Apenas podía esperar para reclamar a Morwenna como su mujer.

Sí, era una unión perfecta, la mejor que había imaginado jamás, y lo único que habría cabido esperar era que Morwenna fuera una mujer vieja, gorda, de nariz aguileña y, en definitiva, una arpía. Por el contrario, el hecho de que fuera joven y flexible, de pechos firmes y de cintura estilizada, no era sino un poco de azúcar sobre una tarta ya tentadora.

Se lamió los labios ante la expectativa.

Ryden de Heath no era ese tipo de hombre que permitiera a ningún otro, y aún menos al condenado Carrick de Wybren, aguar su destino. Se casaría con Morwenna de Calon costara lo que costara.

Capítulo 4

Morwenna huyó de la capilla sin albergar ningún sentimiento de santidad. A lo largo de la monótona misa, estuvo absorta en sus pensamientos sobre el desconocido, y aunque se persignó, escuchó las plegarias del padre Daniel y sostuvo el rosario entre sus manos, susurrando palabras a Dios, lo hizo sin pensarlo o meditarlo. Rezó por una cuestión de costumbre y durante todo el tiempo estuvo abstraída en sus consideraciones sobre el hombre herido. ¿Era un amigo o un enemigo?

«Carrick»

¿Cabía la remota posibilidad de que se tratara de él?

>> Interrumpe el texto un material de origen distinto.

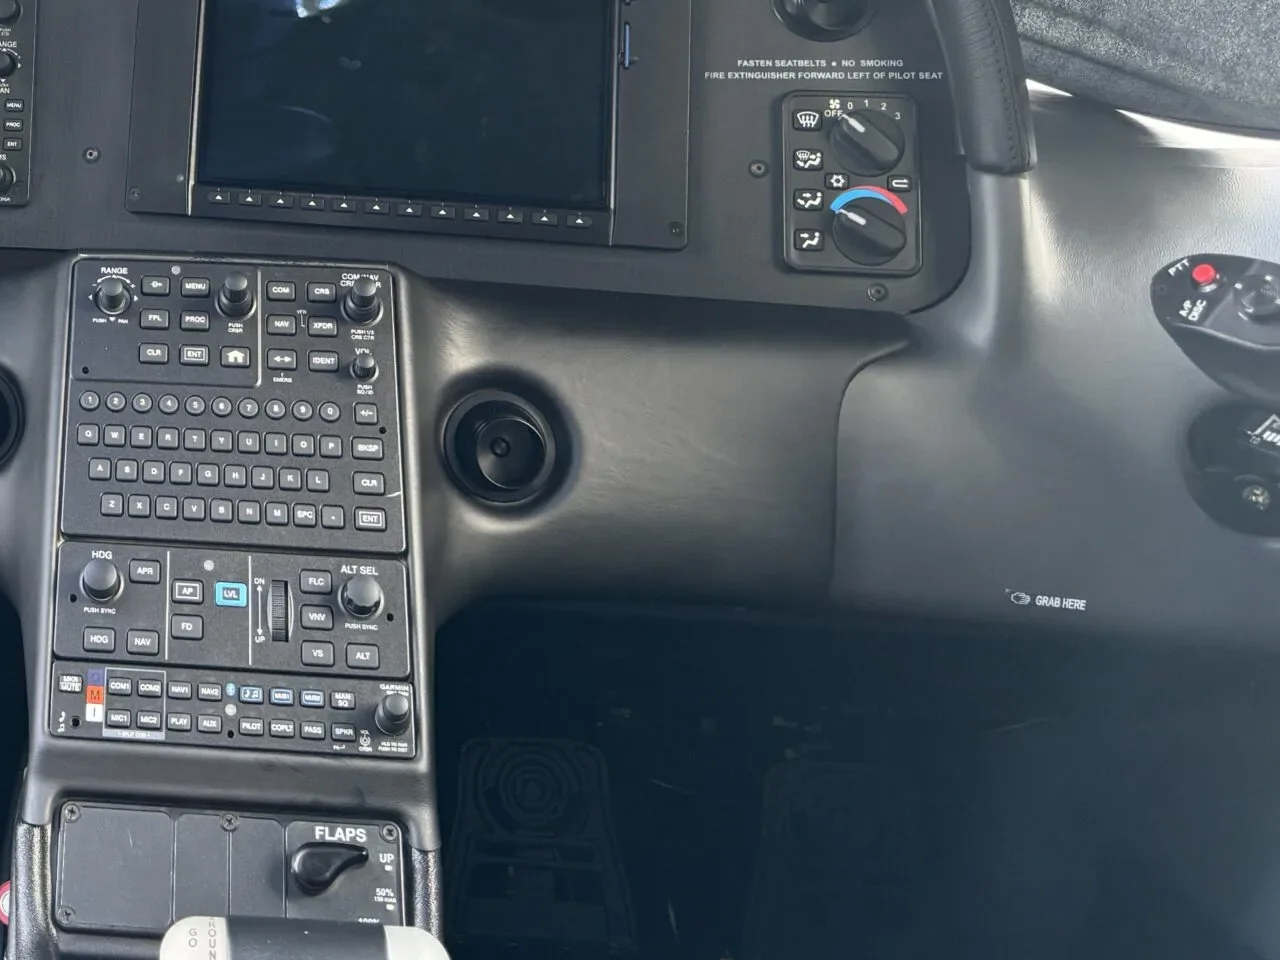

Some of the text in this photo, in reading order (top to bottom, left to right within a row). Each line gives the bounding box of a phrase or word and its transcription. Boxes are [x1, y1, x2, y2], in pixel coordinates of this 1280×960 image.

[847, 102, 853, 110] 0
[895, 112, 901, 120] 3
[1168, 259, 1189, 276] PTT
[1188, 300, 1207, 322] DISC
[205, 470, 212, 478] G
[92, 551, 113, 560] HDG
[136, 566, 153, 575] APR
[340, 565, 379, 575] ALT SEL
[1035, 595, 1087, 611] GRAB HERE
[309, 613, 326, 621] VNV
[182, 622, 192, 630] FD
[90, 635, 108, 643] HDG
[134, 637, 151, 646] NAV
[312, 649, 324, 657] VS
[356, 652, 370, 660] ALT
[60, 683, 80, 691] MUTE
[90, 690, 100, 700] M
[201, 688, 219, 696] NAV2
[111, 714, 128, 722] MIC1
[171, 717, 188, 725] PLAY
[304, 726, 322, 734] PASS
[315, 826, 367, 842] FLAPS
[379, 853, 394, 863] UP
[376, 888, 394, 897] 50%

Su corazón le dio un vuelco ante la idea, mientras sus pasos se adentraban en la tarde helada, y experimentó una sensación cálida de algo semejante a la venganza fluyéndole por la sangre. ¿Acaso era posible? ¿De veras el destino le había servido en bandeja el malvado corazón que ella había amado con tanta ferocidad, brindándole el poder sobre su suerte? Probablemente, debido a que él estaba en un estado tan penoso, sintió una punzada de culpa por aquel pensamiento. Si hubiera estado sano, inmediatamente lo habría arrojado a los lobos de Wybren. A Graydynn. Al verdugo, si era un traidor asesino. Pero estaba moribundo cuando lo encontraron y su corazón de piedra se había ablandado ligeramente cuando había mirado fijamente aquella cara castigada.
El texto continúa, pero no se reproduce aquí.